▶

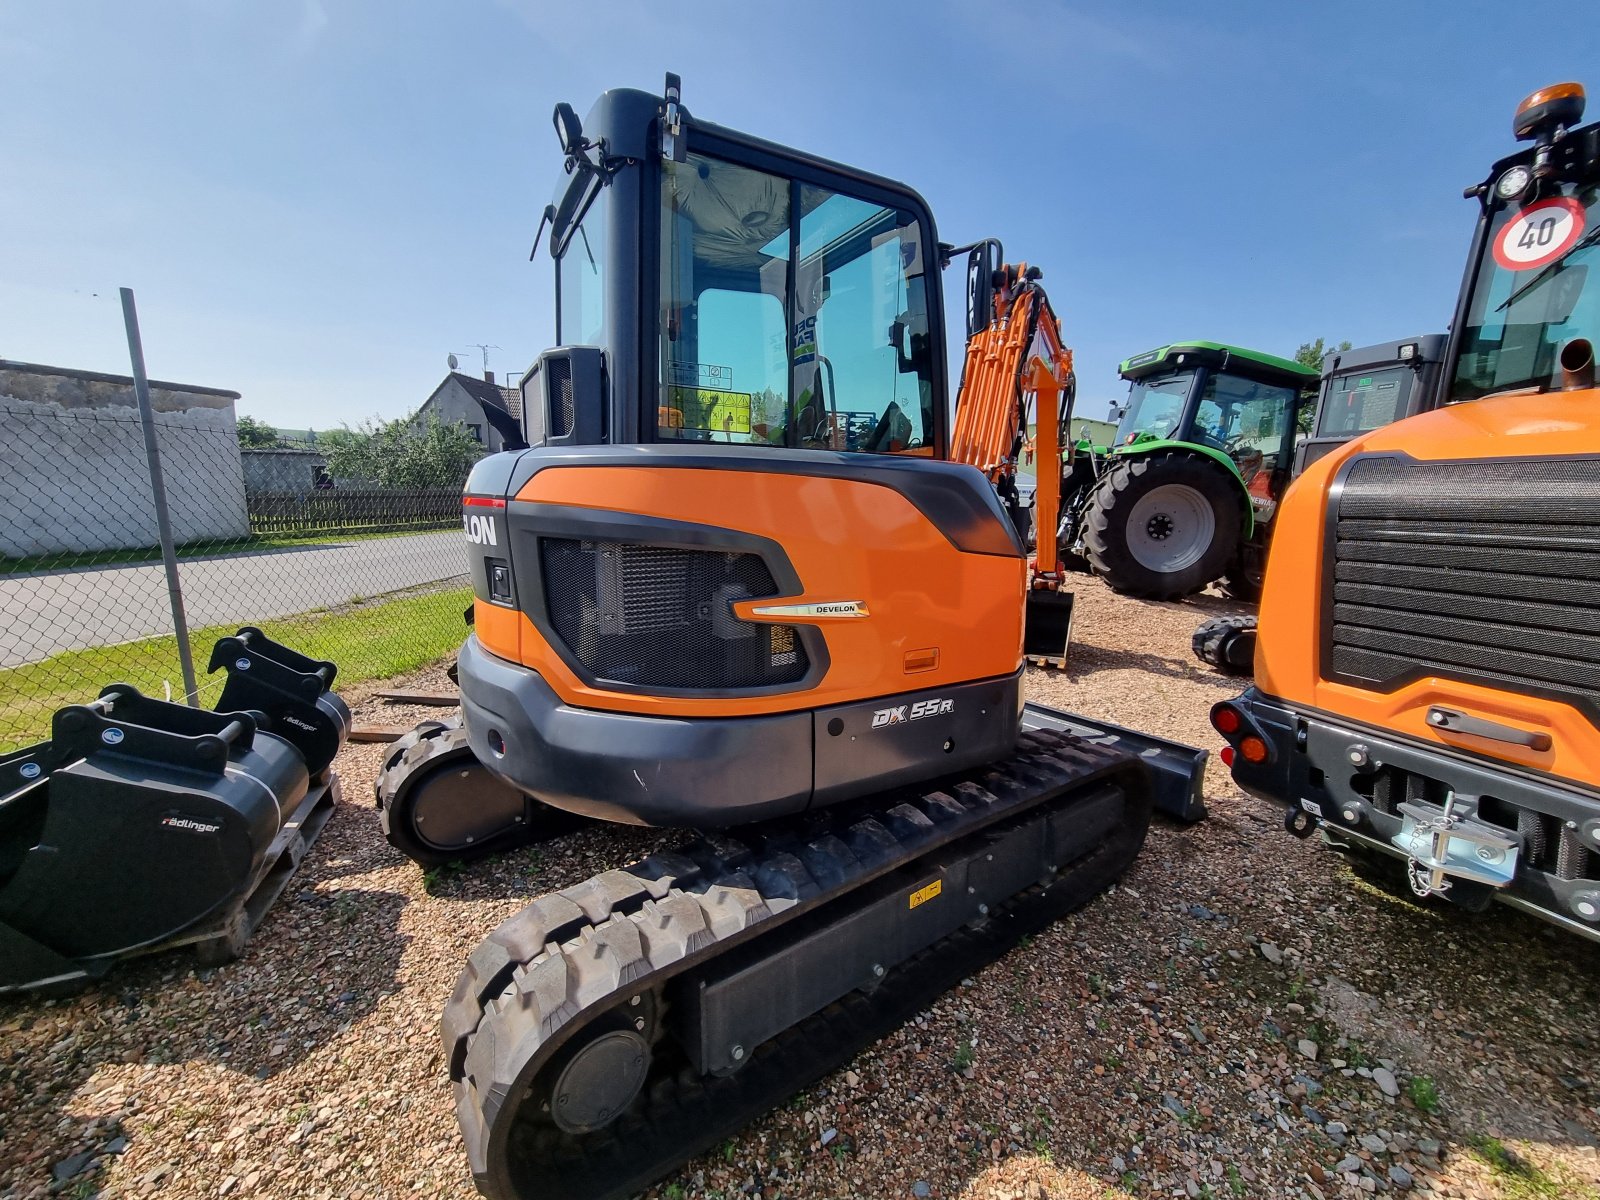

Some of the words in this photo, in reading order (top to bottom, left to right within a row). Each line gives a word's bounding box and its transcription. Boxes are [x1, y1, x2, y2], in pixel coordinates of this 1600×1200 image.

[1517, 217, 1556, 249] 40
[816, 605, 856, 613] DEVELON
[872, 705, 908, 729] DX
[161, 817, 220, 832] rädlinger

◀

• **YOUR ASSIGNMENT**
Exactly as written, please copy out the whole set of records, skipping images.

• **EXPECTED ANSWER**
Some of the words in this photo, in reading order (top to bottom, left to right within a row). Each line gives a word's bounding box and its transcription. Boxes are [x1, y1, x2, y2], in pixel coordinates of this 1600×1200 image.

[1517, 217, 1556, 249] 40
[816, 605, 856, 613] DEVELON
[872, 705, 908, 729] DX
[161, 817, 220, 832] rädlinger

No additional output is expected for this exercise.